Fab news. I will be donating for sure.  Well done you!


----------



## TheEquineOak (9 September 2011)

I've donated. It's not a huge amount by any means but I hope it helps


----------



## competitiondiva (9 September 2011)

good on you janet george, and good luck. I hope you only pay what they paid out of the market for her (maybe plus transport) otherwise it's just perpetuating the trade of making money out of poor conditioned animals, but that's another thread.  I hope she arrives safely, and I know she's going into experienced hands. x


----------



## Kenzo (9 September 2011)

Whooo hoo, fabby news!!!


----------



## JessandCharlie (9 September 2011)

Fantastic news!! Good for you, will donate too  

J&C


----------



## MurphysMinder (9 September 2011)

Great news, well done.  Will donate next week when funds allow.


----------



## MrsMozart (9 September 2011)

I'll donate on Monday, when I've checked with the accountant. If can do it through the business can do more


----------



## 'S'teamed (9 September 2011)

Another success story.

Well Done EQUINE MARKET WATCH

My donations will still be coming through my constant buying and selling via Ebay.....

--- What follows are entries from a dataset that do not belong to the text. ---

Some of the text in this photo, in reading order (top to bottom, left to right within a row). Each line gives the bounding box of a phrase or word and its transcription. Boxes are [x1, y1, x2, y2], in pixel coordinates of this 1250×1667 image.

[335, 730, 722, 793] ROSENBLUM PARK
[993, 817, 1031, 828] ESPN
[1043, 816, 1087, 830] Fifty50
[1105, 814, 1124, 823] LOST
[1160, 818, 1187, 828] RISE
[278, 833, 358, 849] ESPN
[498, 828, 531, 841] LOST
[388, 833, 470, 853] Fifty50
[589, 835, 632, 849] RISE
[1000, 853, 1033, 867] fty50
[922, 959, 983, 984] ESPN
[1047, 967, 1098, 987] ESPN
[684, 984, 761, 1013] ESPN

see you at the 2 sales next Friday xx


----------



## FairyLights (9 September 2011)

Thank God for JanetGeorge,you are in my prayers tonight.


----------



## ElleSkywalker (9 September 2011)

This has brought a tear to my eye, well done EMW & JanetGeorge looking forward to updated pictures of her looking fab in a few months time


----------



## mulledwhine (9 September 2011)

Well done, I wish I could have taken her.

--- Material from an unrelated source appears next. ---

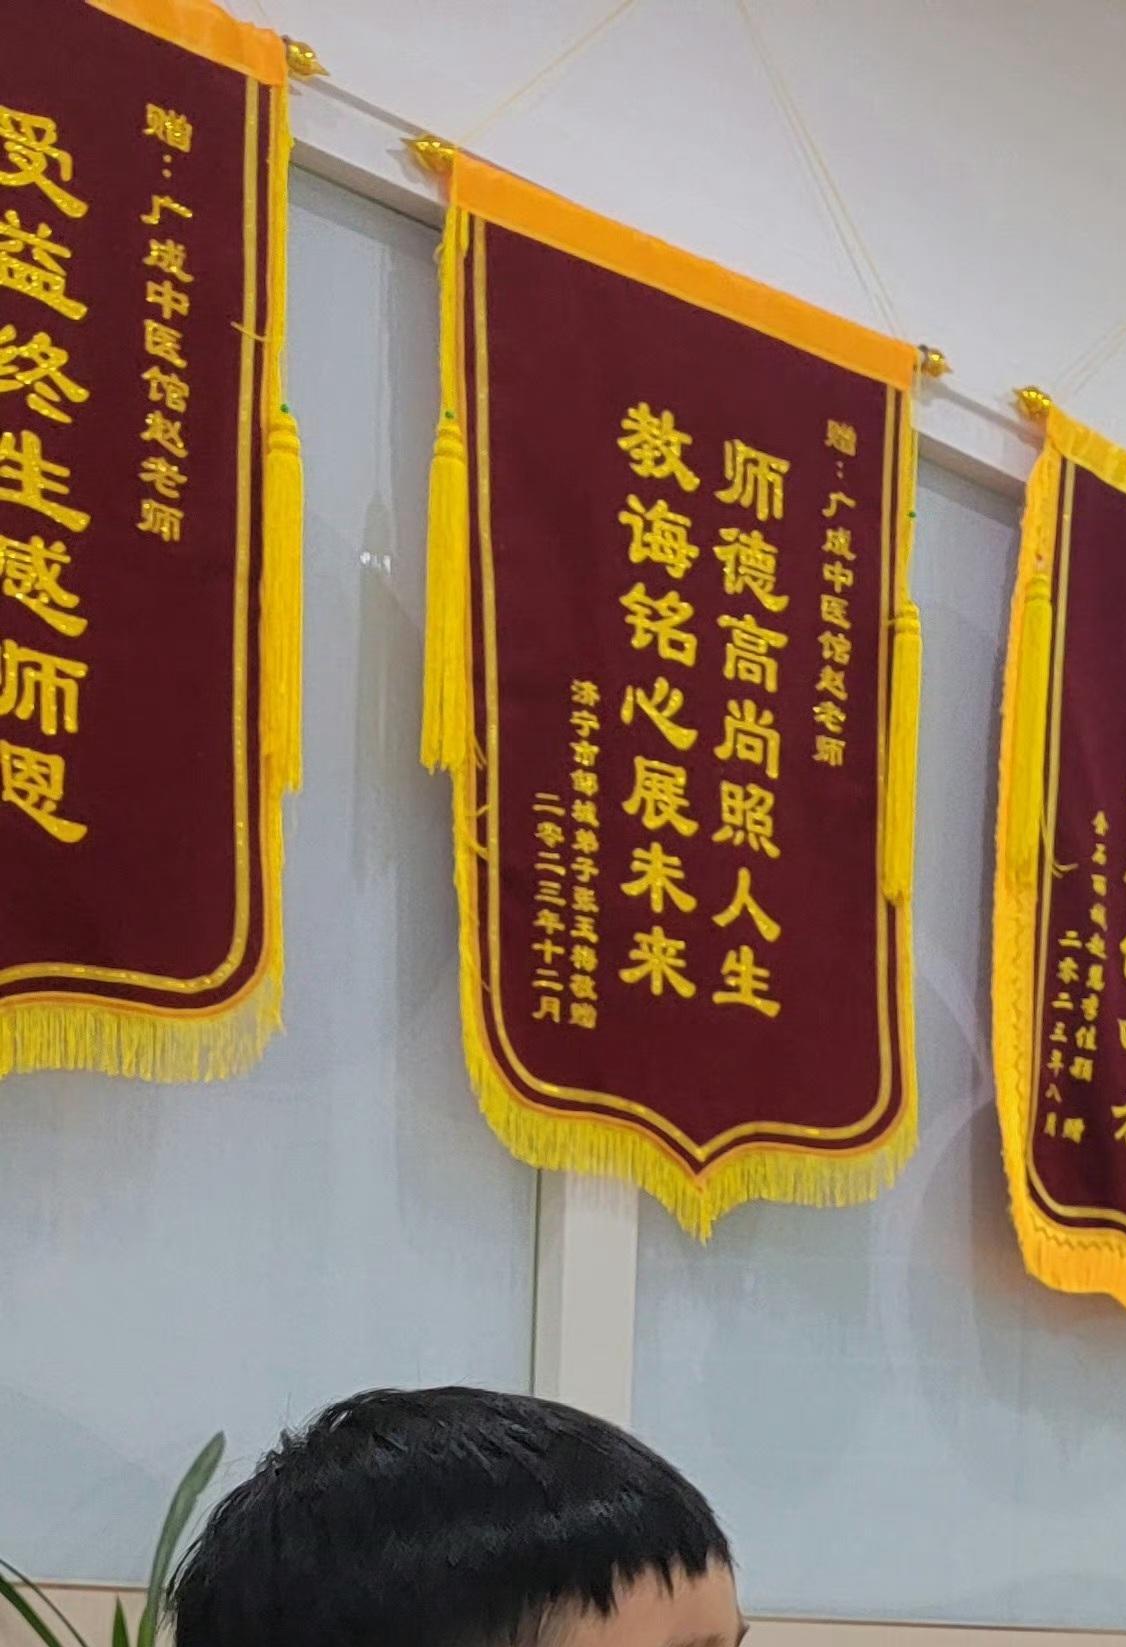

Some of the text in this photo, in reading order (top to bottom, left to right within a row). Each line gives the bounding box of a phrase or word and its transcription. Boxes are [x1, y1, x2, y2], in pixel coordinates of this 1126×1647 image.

[0, 103, 91, 843] 受益终生感师恩
[616, 402, 701, 999] 教诲铭心展未来
[713, 437, 791, 1019] 师德高尚照人生

Can't donate ATM but as soon as I can some cash will come your way


----------



## muddygreymare (9 September 2011)

That's great news! Well done you, will try to donate if i can


----------



## Mrs B (9 September 2011)

Brilliant news! Well done, JG! Donation on its way,  with a hug you can accept or pass on as you please...


----------



## bumblelion (9 September 2011)

That's great news, I will be donating!


----------



## Crazydancer (9 September 2011)

Fantastic news! I will donate shortly.... just need to set up another Paypal account so it doesn't appear on our joint account statement..... *whistles innocently*


----------



## JanetGeorge (9 September 2011)

Crazydancer said:



			Fantastic news! I will donate shortly.... just need to set up another Paypal account so it doesn't appear on our joint account statement..... *whistles innocently* 

Click to expand...

I like your style!

Many thanks all - for your kind words, good wishes - and donations!  Please keep them all coming - for Ruby - and the next deserving soul (unfortunately, there are FAR too many of them! )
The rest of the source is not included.